Press Release

Poetry, Granta, and STOP SMILING present: A Celebration of Literary Chicago

In conjunction with the launch of Granta’s Chicago-themed fall issue

Originally Published: September 08, 2009

CHICAGO – The Poetry Foundation announces that Chicago literary institutions Poetry and STOP SMILING will join with UK-based journal Granta to celebrate the launch of Granta's special Chicago-themed fall issue. The event will feature readings by contributors to both Poetry and Granta and will debut previously unpublished poems by native Chicagoan James Schuyler, with Granta editor John Freeman offering an introduction. David Trinidad, a friend of Schuyler's, will speak briefly about the poet's life and work and read a selection of his poems forthcoming in Poetry and Granta. Chicago poets Reginald Gibbons, Anne Winters, and Diego Báez will also read. A reception follows. 

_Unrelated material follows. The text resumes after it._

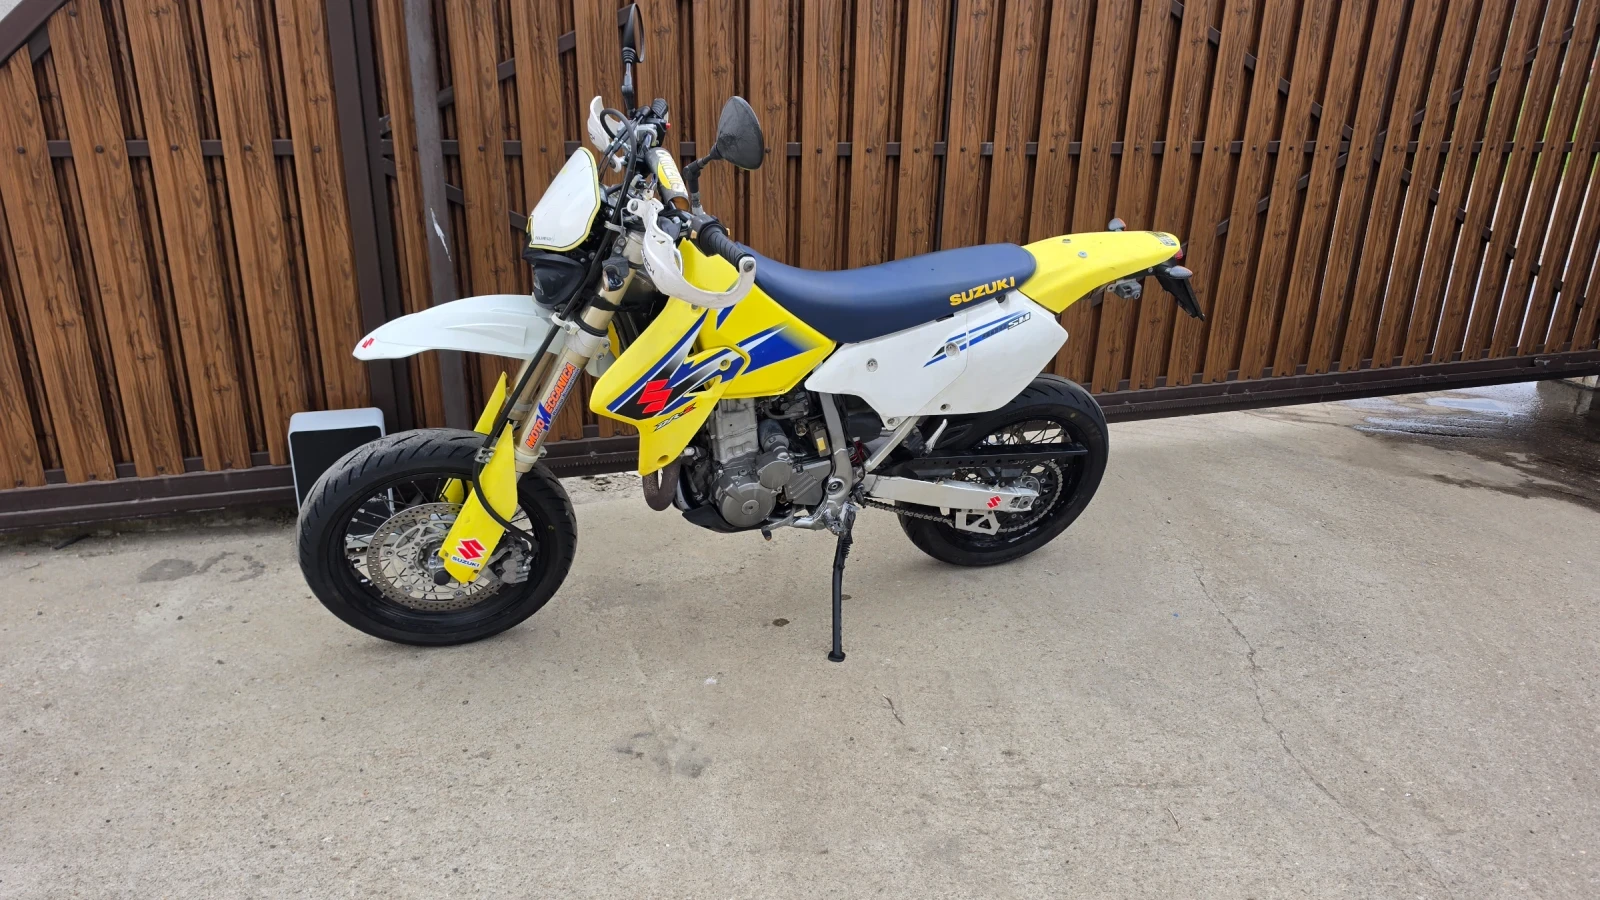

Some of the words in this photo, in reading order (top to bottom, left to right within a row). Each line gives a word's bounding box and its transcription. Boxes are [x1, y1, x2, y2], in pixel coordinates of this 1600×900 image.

[949, 276, 1015, 306] SUZUKI
[525, 362, 577, 450] MOTOMECCANICA
[452, 556, 480, 568] SUZUKI

What: A Celebration of Literary Chicago: featuring Reginald Gibbons, Anne Winters, and Diego Báez, with David Trinidad reading previously unpublished work by James Schuyler. A reception follows the reading. 

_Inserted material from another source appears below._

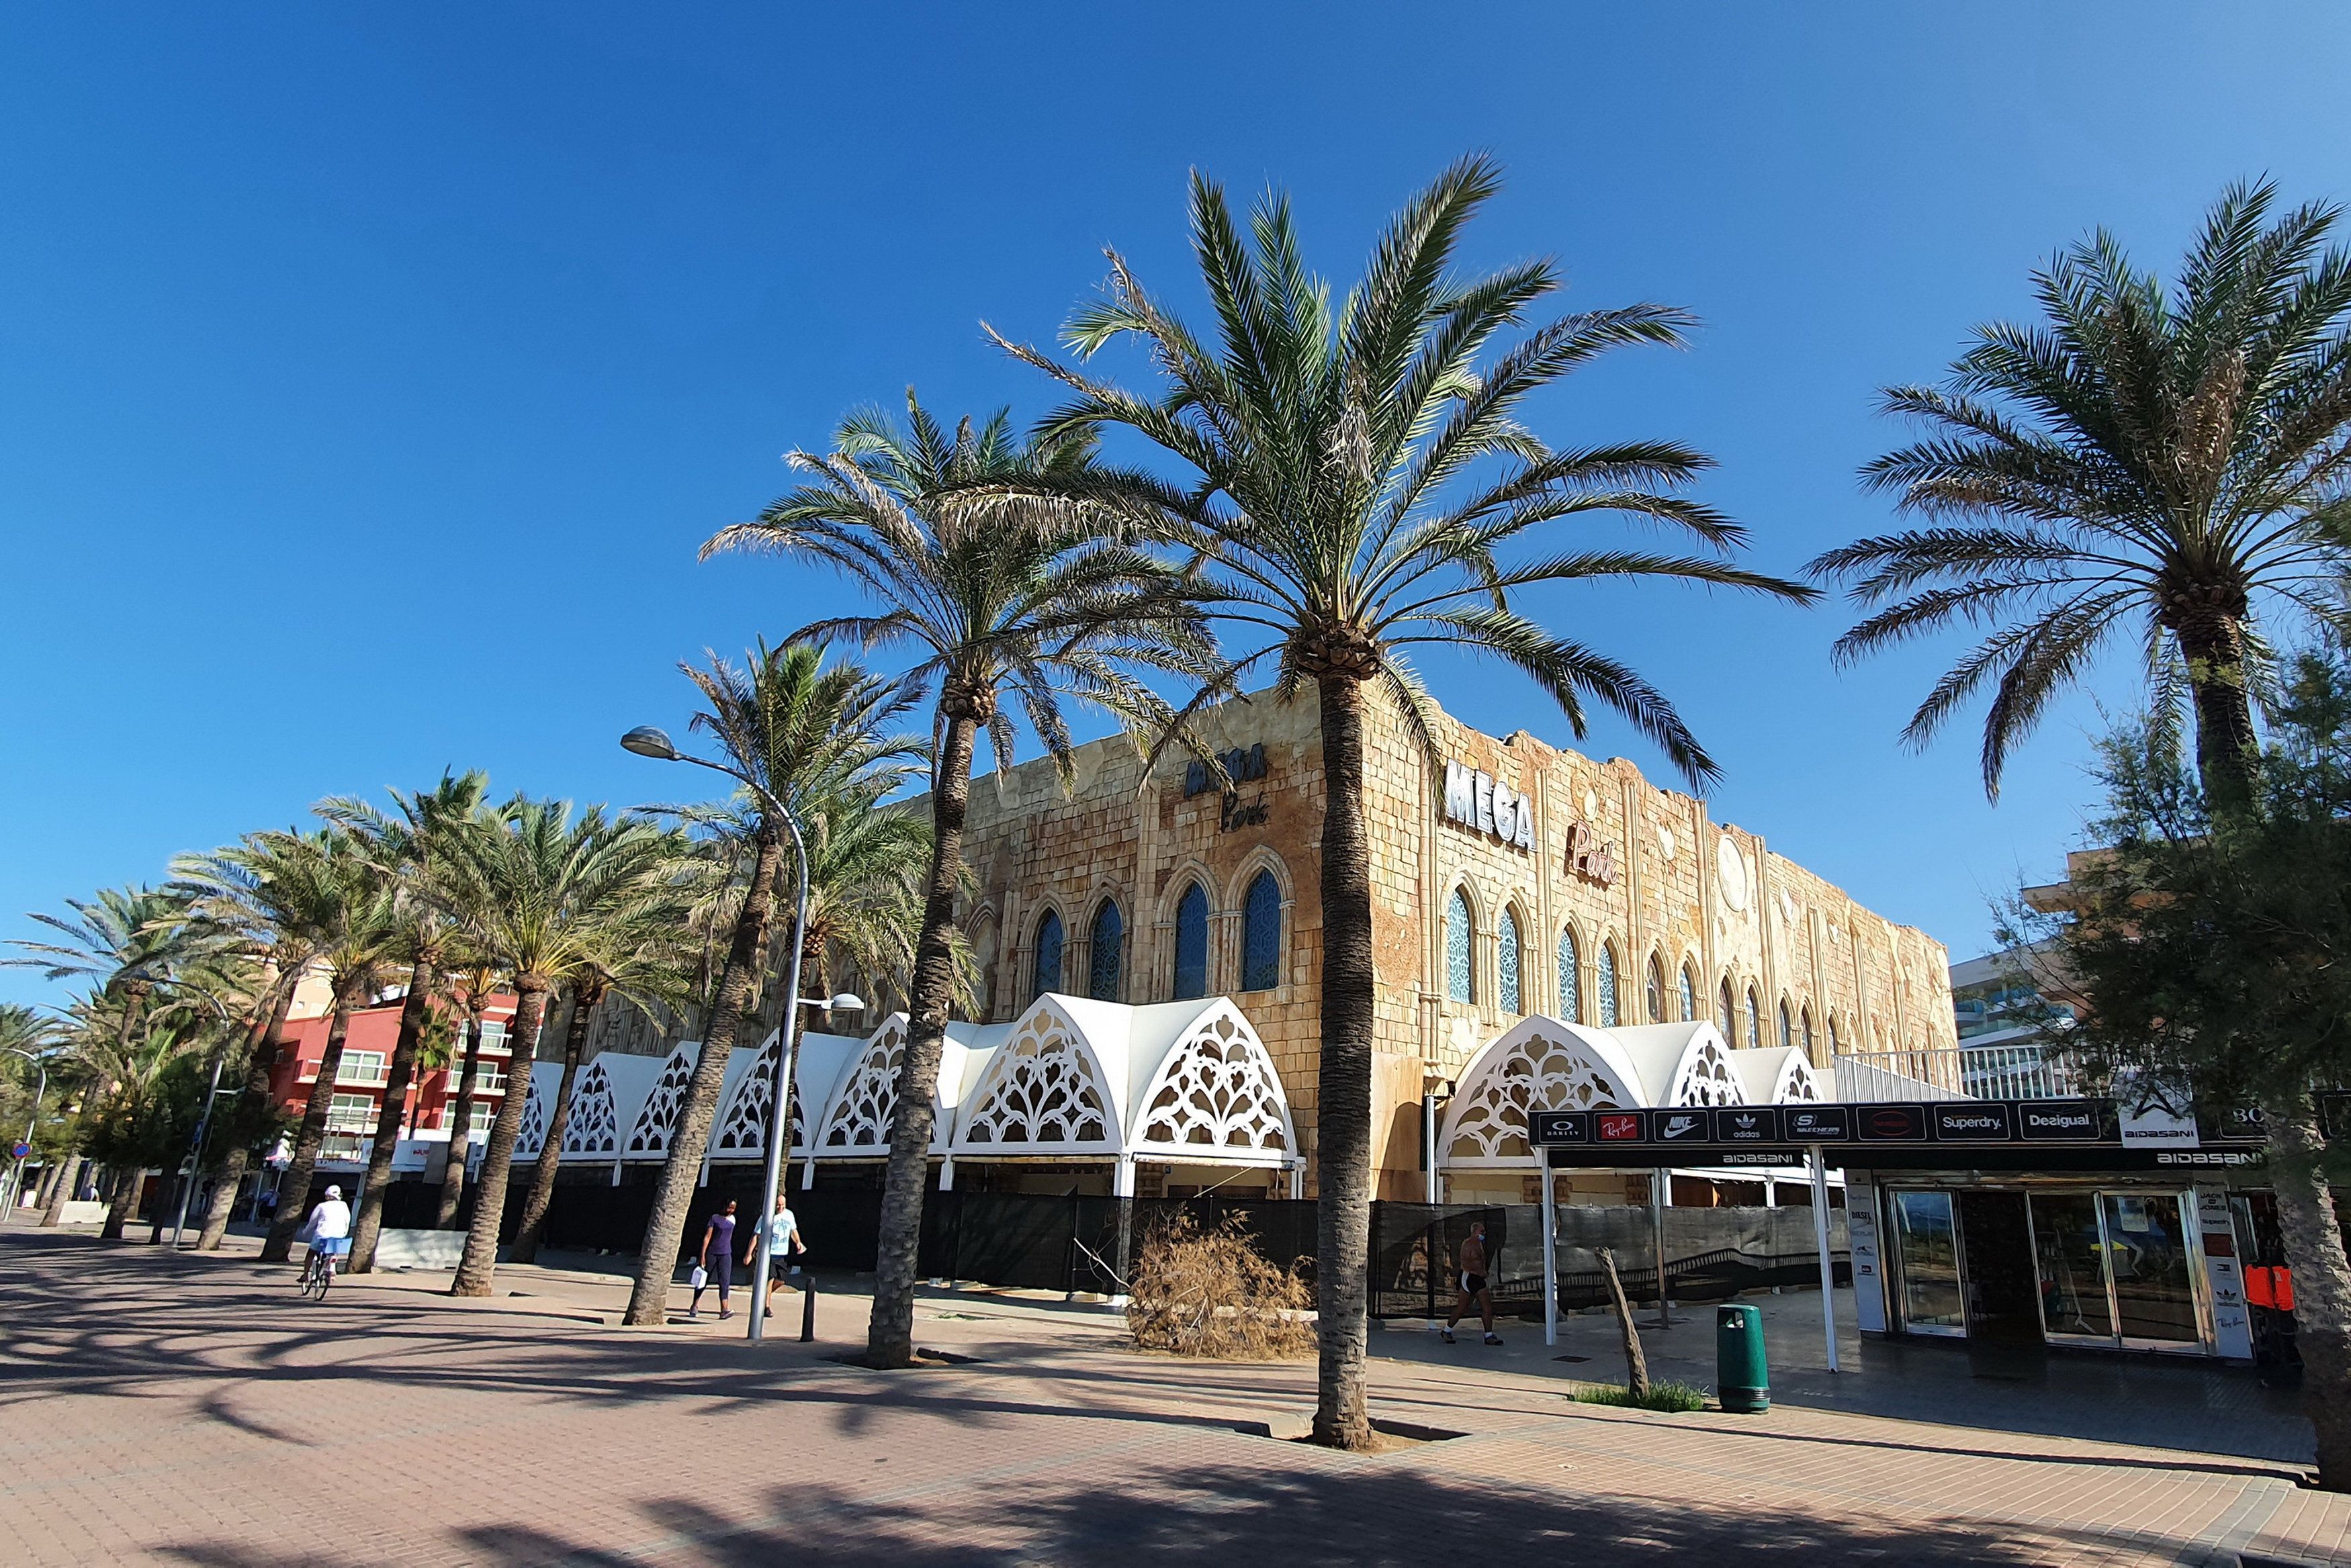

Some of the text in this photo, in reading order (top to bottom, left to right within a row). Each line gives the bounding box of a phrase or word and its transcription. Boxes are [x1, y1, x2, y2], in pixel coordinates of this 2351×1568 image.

When: Tuesday, September 15, 7:00 to 9:00 p.m. 

Where: Stop Smiling Storefront, 1371 North Milwaukee Avenue, Chicago

Admission is free and open to the public.

Diego Báez received a bachelor's degree in English from Illinois Wesleyan University and is currently pursuing his MFA at Rutgers University–Newark. His poetry and criticism appear in Poemeleon, Growler, The Ampersand Review, and The Little White Poetry Journal. 

Reginald Gibbons's most recent book of poems is Creatures of a Day (2008), a finalist for the 2008 National Book Award. His new translations of Sophocles, Selected Poems: Odes and Fragments (2008), won the Soeurette Diehl Fraser translation award from the Texas Institute of Letters. His new book, Slow Trains Overhead: Chicago Poems and Stories, will be published in 2010. Gibbons teaches at Northwestern University. 

James Schuyler was a preeminent figure in the celebrated New York School of poets. After World War II he made his way to Italy, where he served for a time as W.H. Auden's secretary. His books include three novels, A Nest of Ninnies (written with John Ashbery), Alfred and Guinevere, and What's For Dinner, as well as numerous volumes of poetry. 

David Trinidad received his MFA from Brooklyn College and has taught at Rutgers University, the New School, and Princeton University. His collection Plasticville (2000) was a finalist for the Lenore Marshall Poetry Prize of the Academy of American Poets. Trinidad teaches at Columbia College Chicago, where he co-founded the literary journal Court Green. 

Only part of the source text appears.